Text-to-region grounding data
== Segment start ==
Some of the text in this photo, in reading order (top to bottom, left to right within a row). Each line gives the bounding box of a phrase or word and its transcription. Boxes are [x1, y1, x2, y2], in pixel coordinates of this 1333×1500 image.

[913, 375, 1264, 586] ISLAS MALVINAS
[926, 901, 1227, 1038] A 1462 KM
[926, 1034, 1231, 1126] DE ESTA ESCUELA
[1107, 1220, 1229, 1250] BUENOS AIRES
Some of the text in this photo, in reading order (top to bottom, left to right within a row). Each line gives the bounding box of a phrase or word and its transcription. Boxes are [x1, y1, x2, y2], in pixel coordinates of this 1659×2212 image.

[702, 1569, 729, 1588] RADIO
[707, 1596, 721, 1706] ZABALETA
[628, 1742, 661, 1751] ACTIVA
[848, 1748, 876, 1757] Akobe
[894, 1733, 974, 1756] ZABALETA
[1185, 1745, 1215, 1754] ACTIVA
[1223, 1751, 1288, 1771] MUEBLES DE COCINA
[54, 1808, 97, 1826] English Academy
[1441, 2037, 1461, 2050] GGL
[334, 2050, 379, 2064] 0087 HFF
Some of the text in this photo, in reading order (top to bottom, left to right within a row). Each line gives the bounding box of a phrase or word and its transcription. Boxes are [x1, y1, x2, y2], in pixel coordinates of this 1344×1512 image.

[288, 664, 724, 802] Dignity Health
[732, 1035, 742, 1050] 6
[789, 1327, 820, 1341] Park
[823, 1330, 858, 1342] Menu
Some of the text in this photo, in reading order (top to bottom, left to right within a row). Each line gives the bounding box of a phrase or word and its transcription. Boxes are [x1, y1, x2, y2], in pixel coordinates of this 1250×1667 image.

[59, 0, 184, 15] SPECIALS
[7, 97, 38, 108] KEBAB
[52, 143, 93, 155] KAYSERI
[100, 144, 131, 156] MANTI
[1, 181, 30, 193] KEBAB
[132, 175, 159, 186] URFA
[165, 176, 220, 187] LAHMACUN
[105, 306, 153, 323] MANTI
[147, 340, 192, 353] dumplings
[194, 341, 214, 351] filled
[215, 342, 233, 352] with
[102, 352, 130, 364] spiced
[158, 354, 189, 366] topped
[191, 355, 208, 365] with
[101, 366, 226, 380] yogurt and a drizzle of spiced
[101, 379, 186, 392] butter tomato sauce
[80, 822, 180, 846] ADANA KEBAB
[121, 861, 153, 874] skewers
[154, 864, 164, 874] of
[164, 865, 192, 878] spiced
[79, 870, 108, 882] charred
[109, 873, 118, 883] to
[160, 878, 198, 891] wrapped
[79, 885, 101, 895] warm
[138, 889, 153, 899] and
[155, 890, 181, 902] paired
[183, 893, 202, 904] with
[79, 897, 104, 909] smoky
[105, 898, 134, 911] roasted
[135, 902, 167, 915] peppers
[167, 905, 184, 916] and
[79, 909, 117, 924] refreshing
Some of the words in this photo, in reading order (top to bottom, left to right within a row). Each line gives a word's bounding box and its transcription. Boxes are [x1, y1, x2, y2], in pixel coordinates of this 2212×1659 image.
== Segment end ==
Each record above needs to be set down again, word for word.

Some of the text in this photo, in reading order (top to bottom, left to right within a row). Each line gives the bounding box of a phrase or word and its transcription. Boxes are [x1, y1, x2, y2], in pixel coordinates of this 1333×1500 image.

[913, 375, 1264, 586] ISLAS MALVINAS
[926, 901, 1227, 1038] A 1462 KM
[926, 1034, 1231, 1126] DE ESTA ESCUELA
[1107, 1220, 1229, 1250] BUENOS AIRES
Some of the text in this photo, in reading order (top to bottom, left to right within a row). Each line gives the bounding box of a phrase or word and its transcription. Boxes are [x1, y1, x2, y2], in pixel coordinates of this 1659×2212 image.

[702, 1569, 729, 1588] RADIO
[707, 1596, 721, 1706] ZABALETA
[628, 1742, 661, 1751] ACTIVA
[848, 1748, 876, 1757] Akobe
[894, 1733, 974, 1756] ZABALETA
[1185, 1745, 1215, 1754] ACTIVA
[1223, 1751, 1288, 1771] MUEBLES DE COCINA
[54, 1808, 97, 1826] English Academy
[1441, 2037, 1461, 2050] GGL
[334, 2050, 379, 2064] 0087 HFF
Some of the text in this photo, in reading order (top to bottom, left to right within a row). Each line gives the bounding box of a phrase or word and its transcription. Boxes are [x1, y1, x2, y2], in pixel coordinates of this 1344×1512 image.

[288, 664, 724, 802] Dignity Health
[732, 1035, 742, 1050] 6
[789, 1327, 820, 1341] Park
[823, 1330, 858, 1342] Menu
Some of the text in this photo, in reading order (top to bottom, left to right within a row). Each line gives the bounding box of a phrase or word and its transcription. Boxes are [x1, y1, x2, y2], in pixel coordinates of this 1250×1667 image.

[59, 0, 184, 15] SPECIALS
[7, 97, 38, 108] KEBAB
[52, 143, 93, 155] KAYSERI
[100, 144, 131, 156] MANTI
[1, 181, 30, 193] KEBAB
[132, 175, 159, 186] URFA
[165, 176, 220, 187] LAHMACUN
[105, 306, 153, 323] MANTI
[147, 340, 192, 353] dumplings
[194, 341, 214, 351] filled
[215, 342, 233, 352] with
[102, 352, 130, 364] spiced
[158, 354, 189, 366] topped
[191, 355, 208, 365] with
[101, 366, 226, 380] yogurt and a drizzle of spiced
[101, 379, 186, 392] butter tomato sauce
[80, 822, 180, 846] ADANA KEBAB
[121, 861, 153, 874] skewers
[154, 864, 164, 874] of
[164, 865, 192, 878] spiced
[79, 870, 108, 882] charred
[109, 873, 118, 883] to
[160, 878, 198, 891] wrapped
[79, 885, 101, 895] warm
[138, 889, 153, 899] and
[155, 890, 181, 902] paired
[183, 893, 202, 904] with
[79, 897, 104, 909] smoky
[105, 898, 134, 911] roasted
[135, 902, 167, 915] peppers
[167, 905, 184, 916] and
[79, 909, 117, 924] refreshing
Some of the words in this photo, in reading order (top to bottom, left to right within a row). Each line gives a word's bounding box and its transcription. Boxes are [x1, y1, x2, y2], in pixel coordinates of this 2212×1659 image.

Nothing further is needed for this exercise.